The Broncos had an odd collection of offensive stars aside from Moore - some expected, some not.
Young had seven catches for 142 yards, three carries for 34 yards and two touchdowns.
Senior tailback Ian Johnson rushed for 87 yards and a touchdown and blocked a punt.
Freshman slot receiver Tyler Shoemaker, a former walk-on from Mountain View High, had two touchdown catches covering 73 yards.
Wide receiver/option quarterback Tanyon Bissell rushed for 46 yards and had 28 receiving yards.
Junior fullback/tight end Richie Brockel scored the first two rushing touchdowns of his career.
It was the first time in school history that three different Broncos scored two touchdowns in the same game.
The defense made some plays, too - most notably a fourth-down fumble recovery in the first quarter and a goal-line stop in the third quarter.
The Broncos were physical - delivering some nasty hits - while holding the Bengals to 207 yards.
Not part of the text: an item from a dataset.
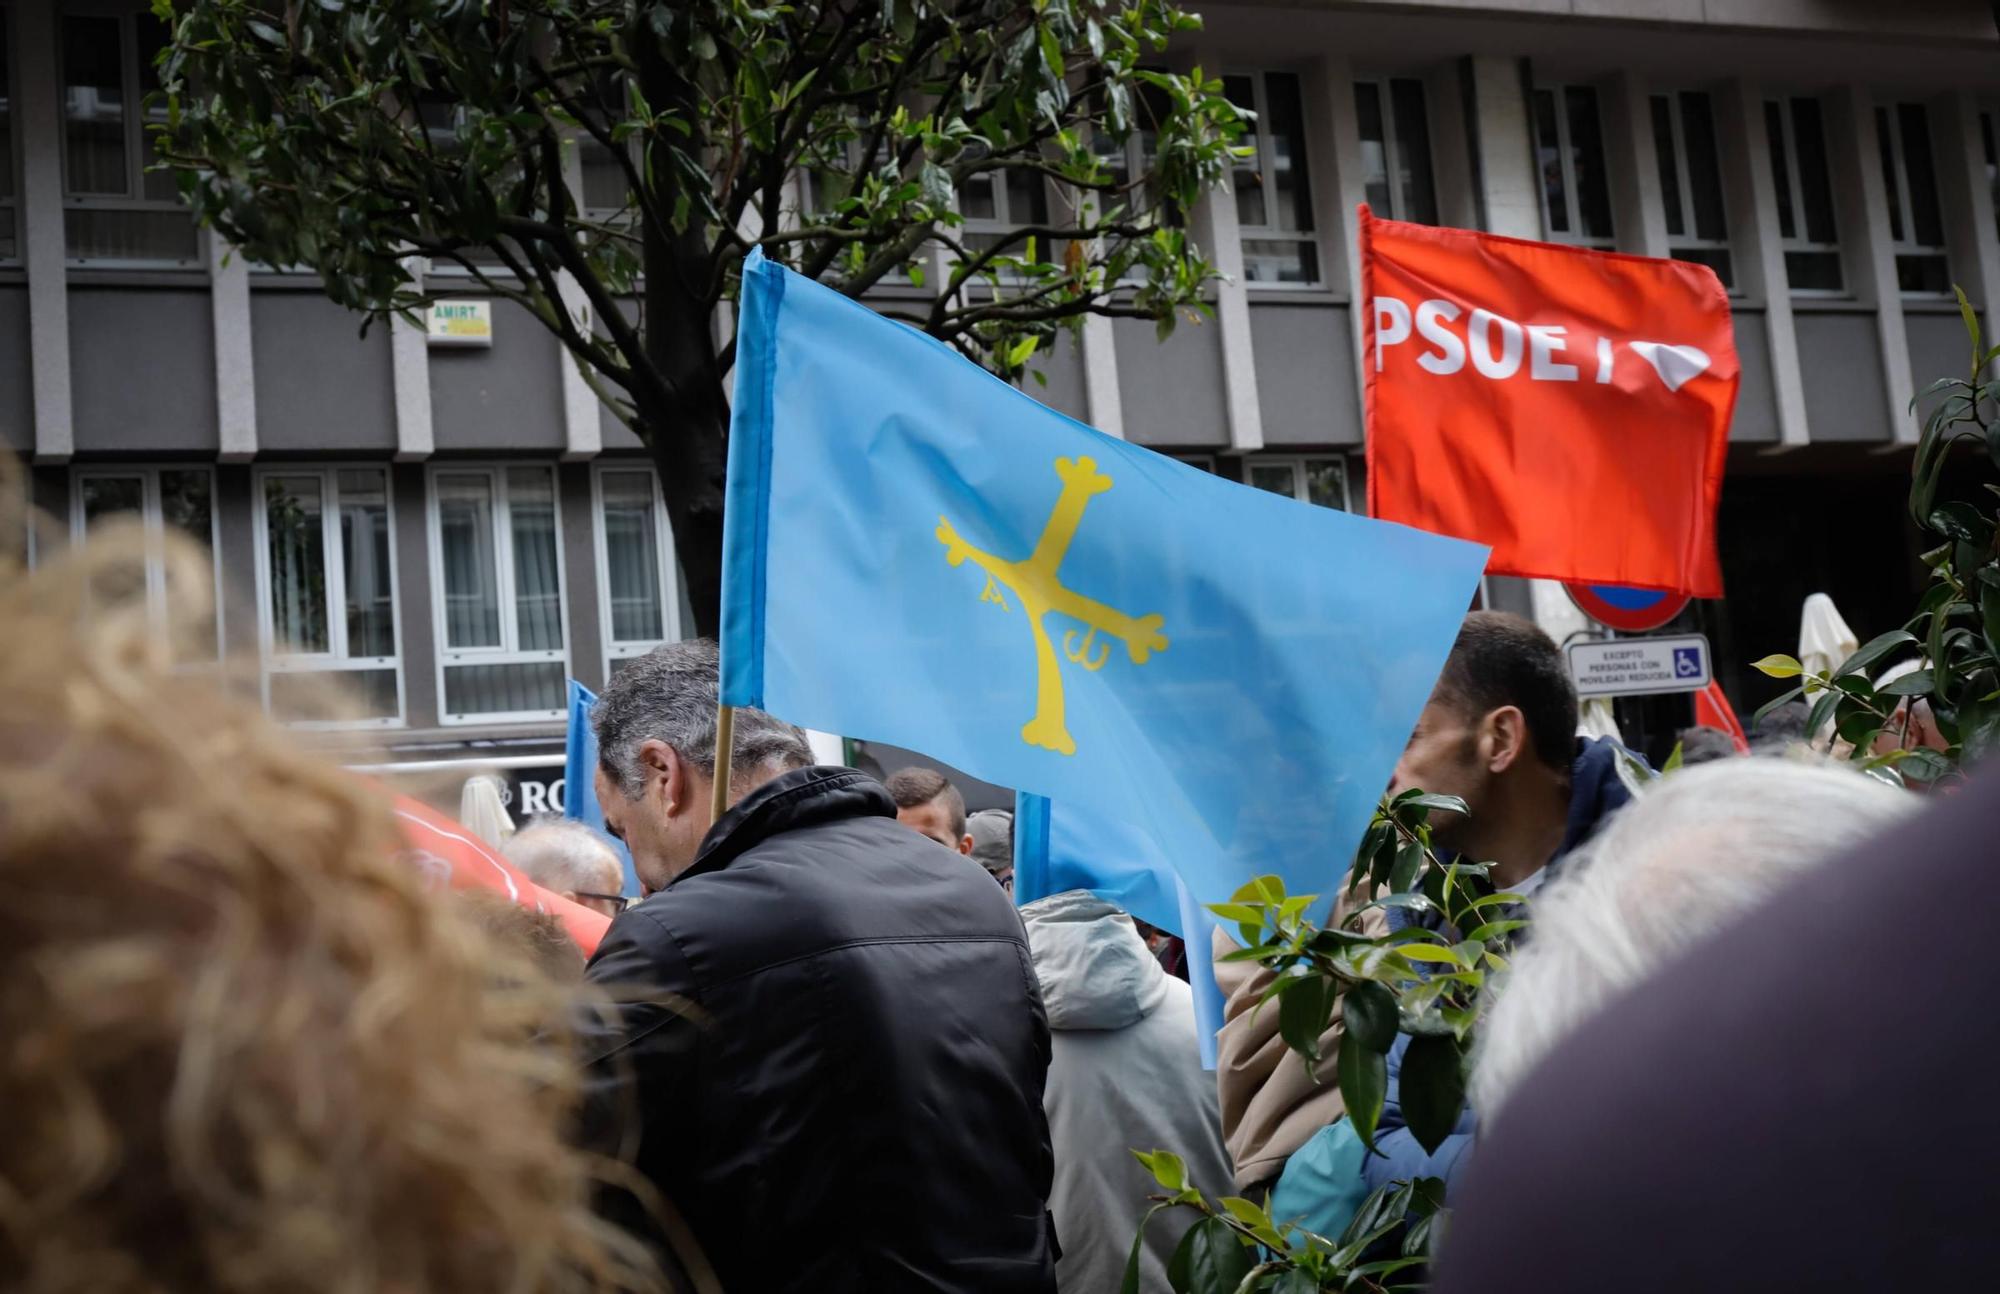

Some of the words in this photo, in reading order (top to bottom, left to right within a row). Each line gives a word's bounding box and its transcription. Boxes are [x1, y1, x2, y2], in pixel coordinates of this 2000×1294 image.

Sophomore quarterback Russel Hill of Timberline High managed just 74 passing yards and star wideout Eddie Thompson's 10 catches netted just 56 yards.
"Ol' No. 6 (Thompson) is an explosive player," Petersen said. "You didn't see that tonight because I thought our secondary did a nice job on those guys."
Sophomore middle linebacker Derrell Acrey posted a game-high 14 tackles and freshman outside linebacker Aaron Tevis added eight tackles, two sacks, a pass breakup and a fumble recovery.
Sophomore safety Jeron Johnson contributed the hit of the game - hammering Hill on a scramble.
"We had to come out and set a tone for the season," Jeron Johnson said.
The Broncos blew open the game with four touchdowns during an 8-minute, 26-second span of the first half. They needed just 10 total plays for the last three of those scoring drives as the Bengals struggled to keep up with the no-huddle pace.
"Once they started getting into a rhythm, it was hard for us to stop them," Idaho State safety Keith Goins said.
The highlight was the bomb to Young - a play that showed Moore's pocket poise, arm strength and budding partnership with Young.
Before the play, Young gave Moore a final instruction.
"I told him to just throw it as far as he can," Young said.
Moore said the play was "a potential launcher" - and the defense gave him just the look he wanted.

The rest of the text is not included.